I came from a motorcycling background so fear of heeling was not a problem when I started out sailing.
It was the "gee we are taking a long time to get round this bloody corner!" syndrome I had to get over.
11-19-2002 05:01 AM
Fear of Heeling

I too have a fear of heeling. Don''t know that I will ever get over it. But I do cope. I was steering in about 15 - 20 knot winds when a gust of wind came and blew us over. My husband knew what was going to happen and never said or did anything to stop it. He wanted me to understand that the boat will come back up when the sail spills. I was almost standing on the side of the boat when it just popped back up. I do have a better understanding now but still have a fear of heeling. I am hoping that once we move aboard the boat and sail all the time that I will get over this feeling. I hate being afraid all the time and want to be a better sailor.
Fair winds and smooth sailing!!
11-16-2002 05:49 PM
Fear of Heeling

I have had this fear in the past as well, and with the understanding and assistance of folks I sail with, I have learned to get past it. Learning how adjustments on the main can ease heeling has made me far more confident about a boat heeling.

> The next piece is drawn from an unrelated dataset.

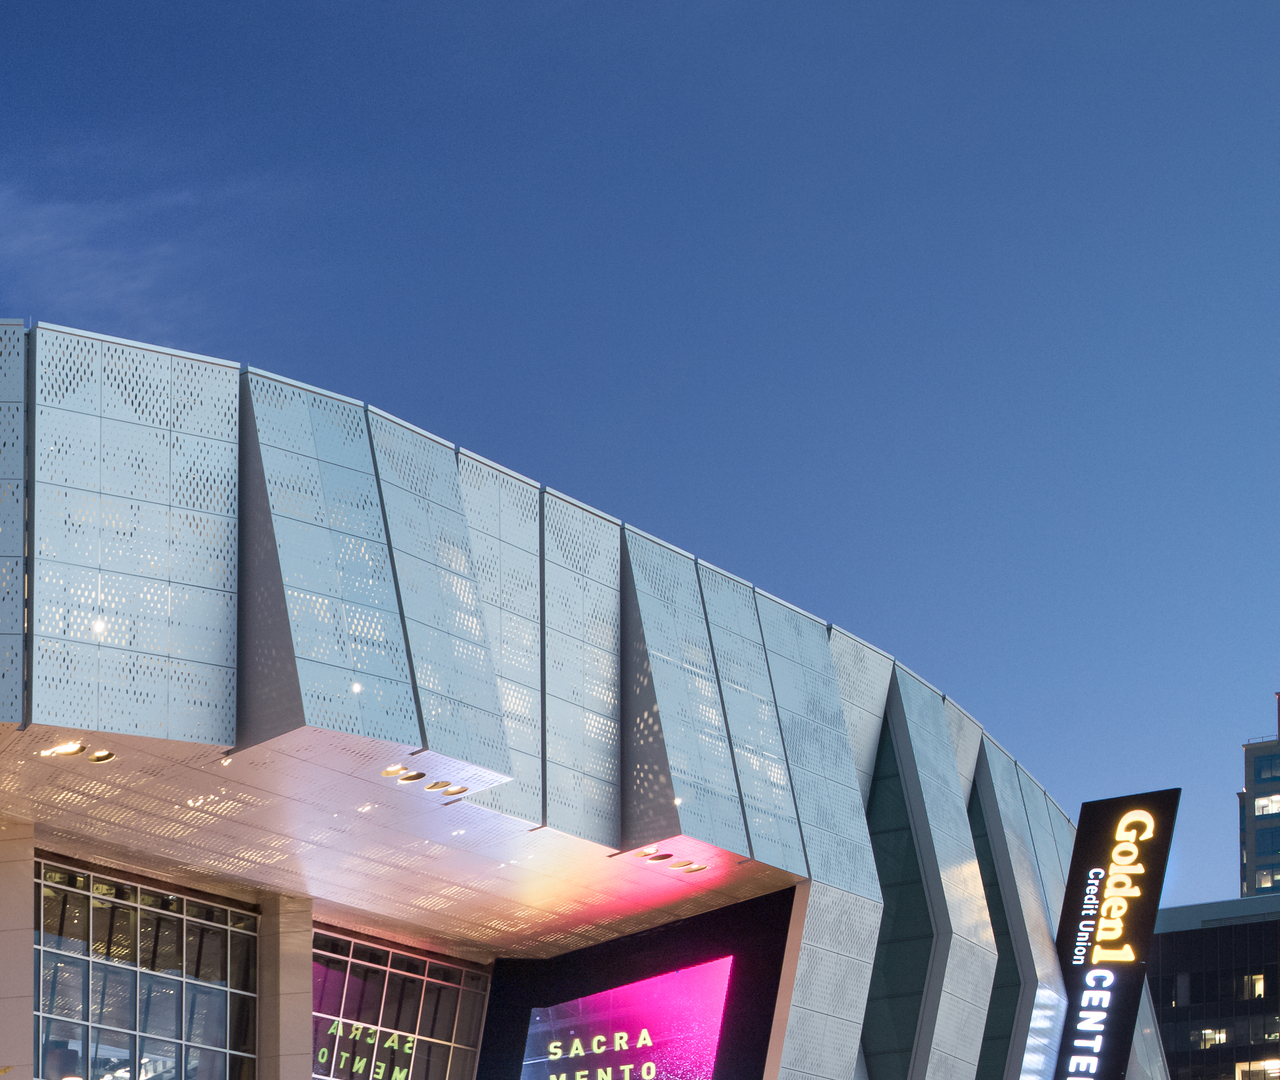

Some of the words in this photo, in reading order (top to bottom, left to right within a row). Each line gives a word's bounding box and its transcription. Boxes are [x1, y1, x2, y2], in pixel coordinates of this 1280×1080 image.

[1082, 867, 1105, 917] Credit
[1072, 919, 1096, 966] Union
[547, 1028, 653, 1060] SACRA

Add to that just plain spending as mich time as I can on as many different boats as I can, and I''m getting there. Did my first "almost" single-hand a few weeks ago. Captain was on board, but he just sat and watched. Did all the dock work and everything else on my own! It was just too cool!!!
11-09-2002 08:10 AM
Fear of Heeling

I used to think it was a girl thing, but last summer I had a newbie couple on the boat in a strong breeze. The harder the wind gusted, the harder she pulled on the tiller until the boat was near broaching. Meanwhile, her husband was cowering inside the cabin in near terror. I think it''s a "mental conditioning thing." Heeling will scare you if you are not conditioned to cope with it.
11-08-2002 05:11 PM
Fear of Heeling

Please don''t say it is a, "girl thing." When someone asks my husband, "How did you get your wife so enthused over the boat?" His reply is, "Its her boat." Yes indeed, it was my idea to sail. At first, heeling is uncomfortable for anyone, male or female. After a while though, you will trust your boat and you will know that it is a natural occurence especially in heavier wind. It will eventually make you smile and you will enjoy heeling. Just relax and let the wind and your boat carry you.
11-05-2002 02:18 AM
Fear of Heeling

Mary Beth said: "Unless, of course, there is the fear of the giant squid (hey, we all have our own ghosts)..."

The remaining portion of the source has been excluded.